■ GOAL OF THE EXERCISE ■
In your copy, reproduce each entry exactly and leave out the pictures.

Records from a collection:
_ _ _ _

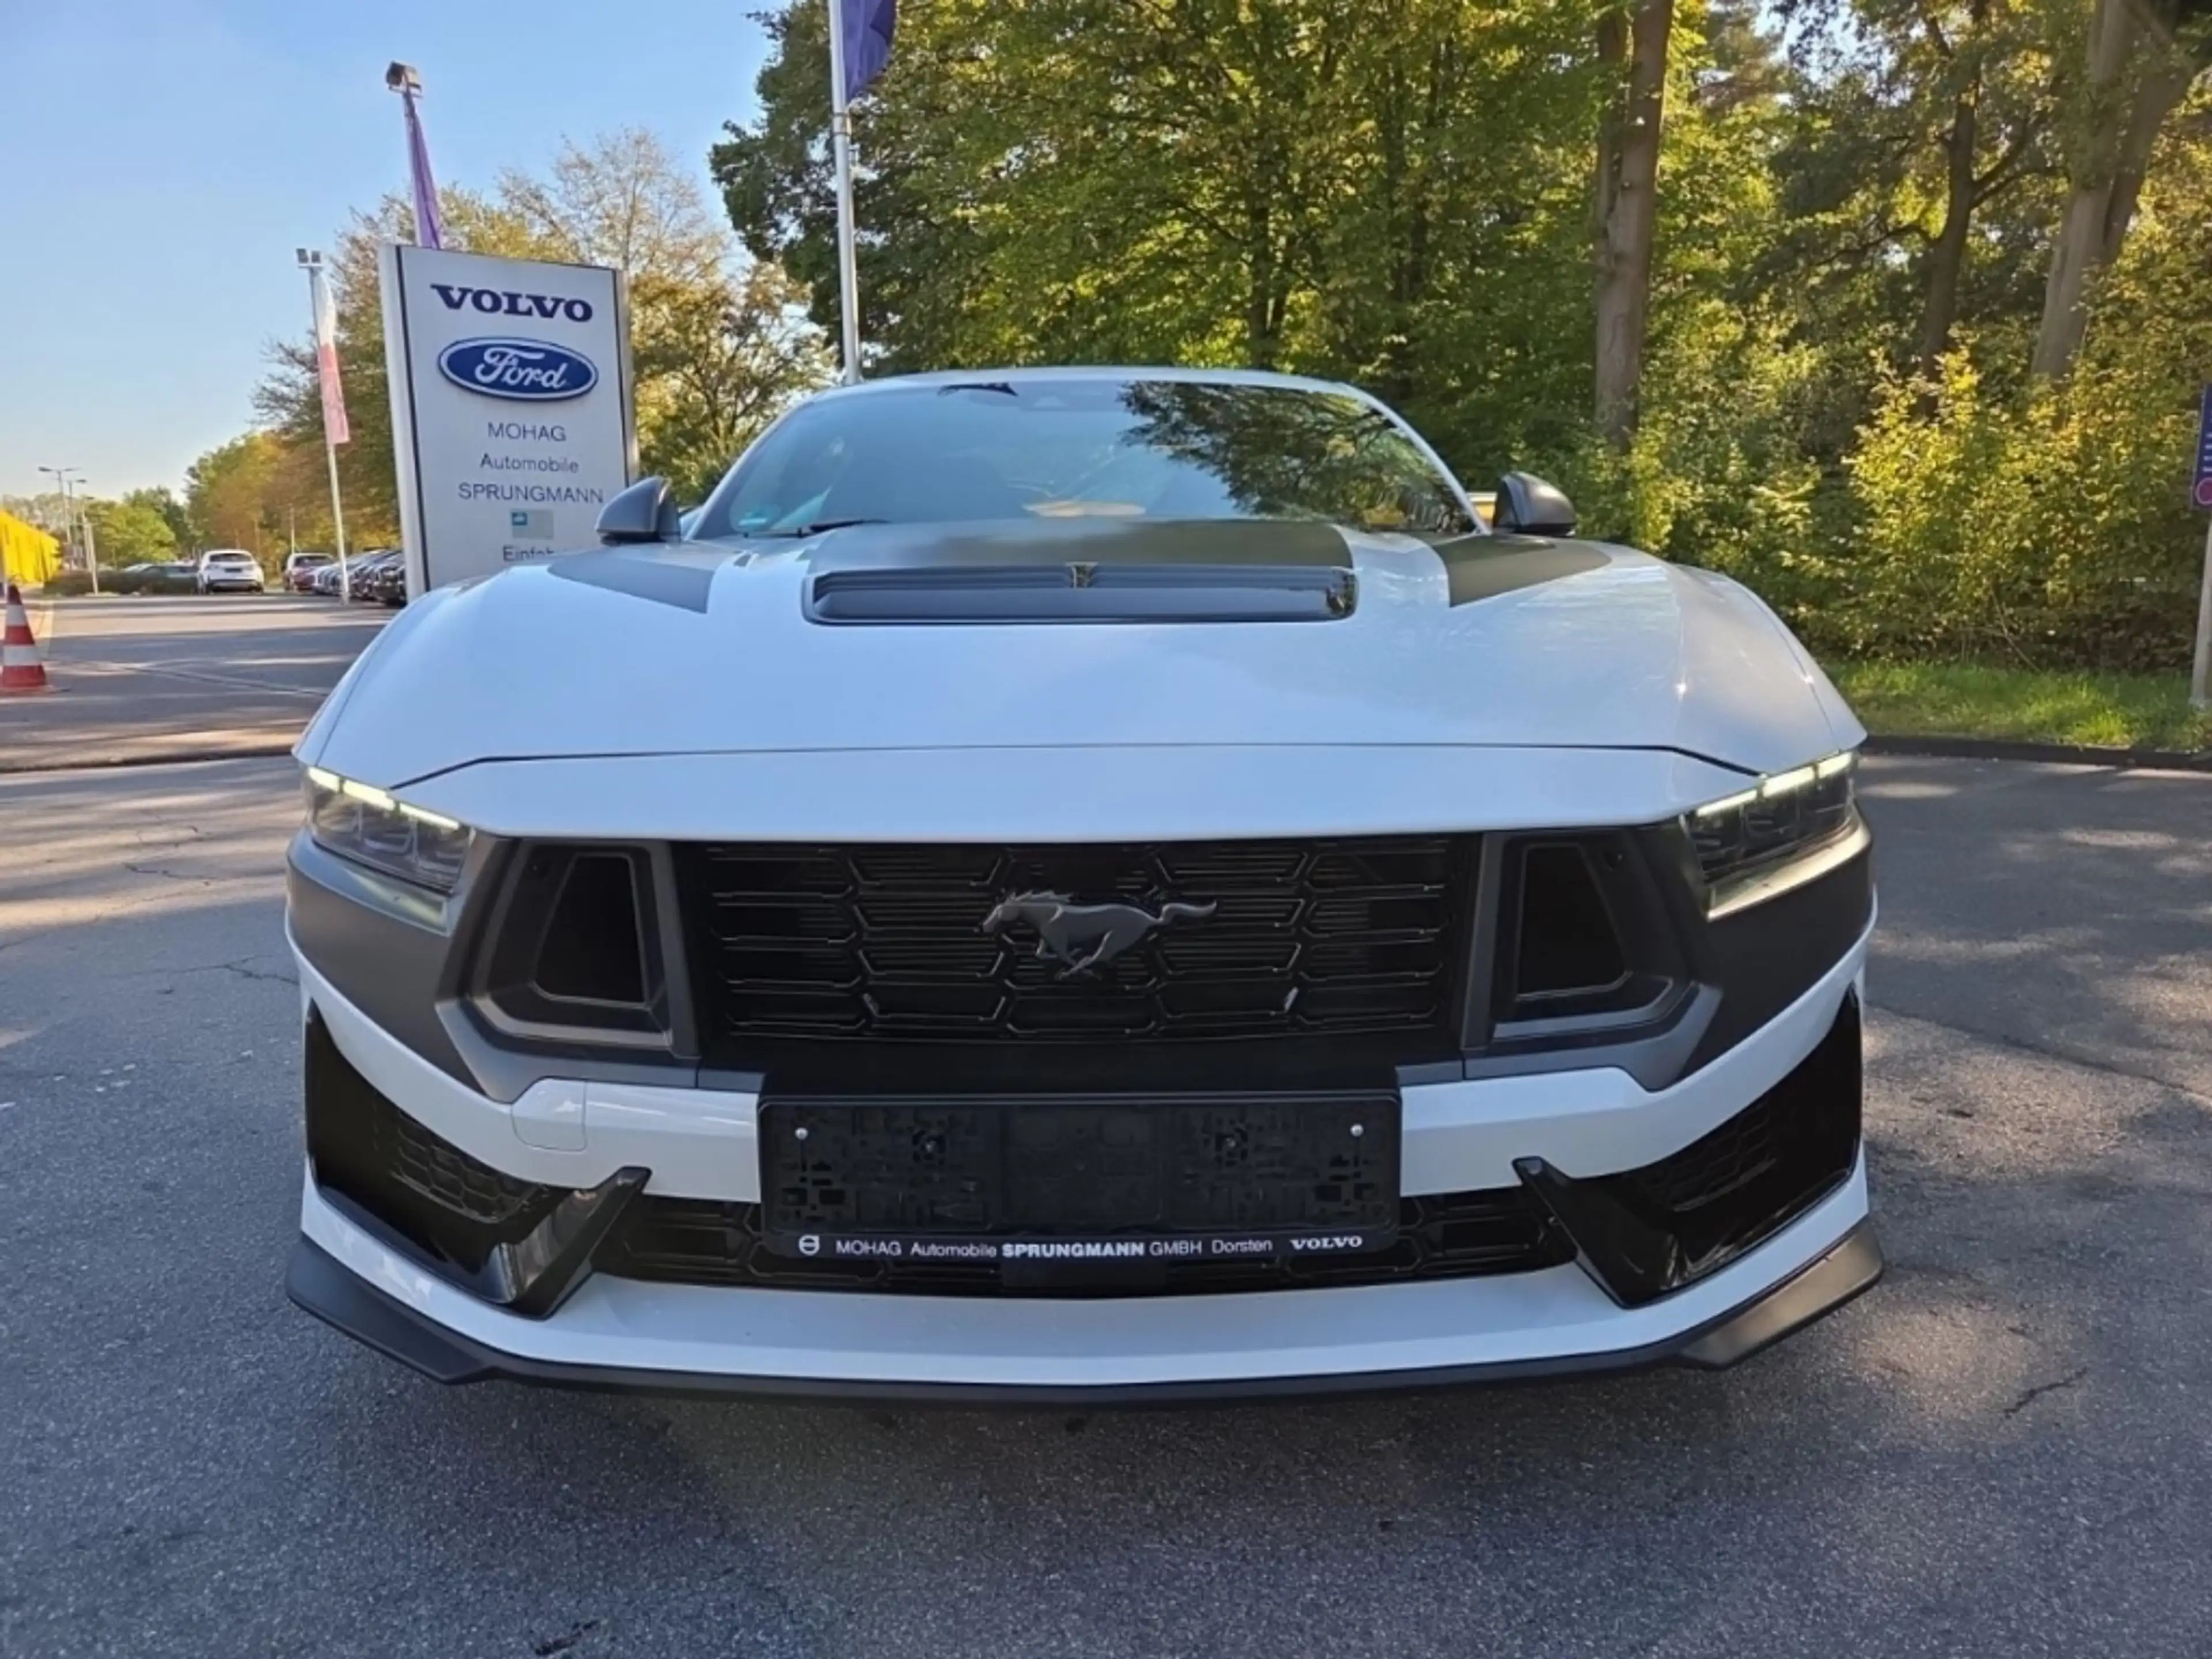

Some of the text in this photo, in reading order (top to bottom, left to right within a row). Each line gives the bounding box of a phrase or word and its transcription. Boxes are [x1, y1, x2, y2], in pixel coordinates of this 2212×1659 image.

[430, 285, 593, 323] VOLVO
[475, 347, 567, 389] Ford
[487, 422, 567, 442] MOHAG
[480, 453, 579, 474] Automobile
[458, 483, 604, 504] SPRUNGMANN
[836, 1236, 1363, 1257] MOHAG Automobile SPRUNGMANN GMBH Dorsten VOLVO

_ _ _ _

■ EXERCISE ANSWER ■
Some of the text in this photo, in reading order (top to bottom, left to right within a row). Each line gives the bounding box of a phrase or word and its transcription. Boxes are [x1, y1, x2, y2], in pixel coordinates of this 2212×1659 image.

[430, 285, 593, 323] VOLVO
[475, 347, 567, 389] Ford
[487, 422, 567, 442] MOHAG
[480, 453, 579, 474] Automobile
[458, 483, 604, 504] SPRUNGMANN
[836, 1236, 1363, 1257] MOHAG Automobile SPRUNGMANN GMBH Dorsten VOLVO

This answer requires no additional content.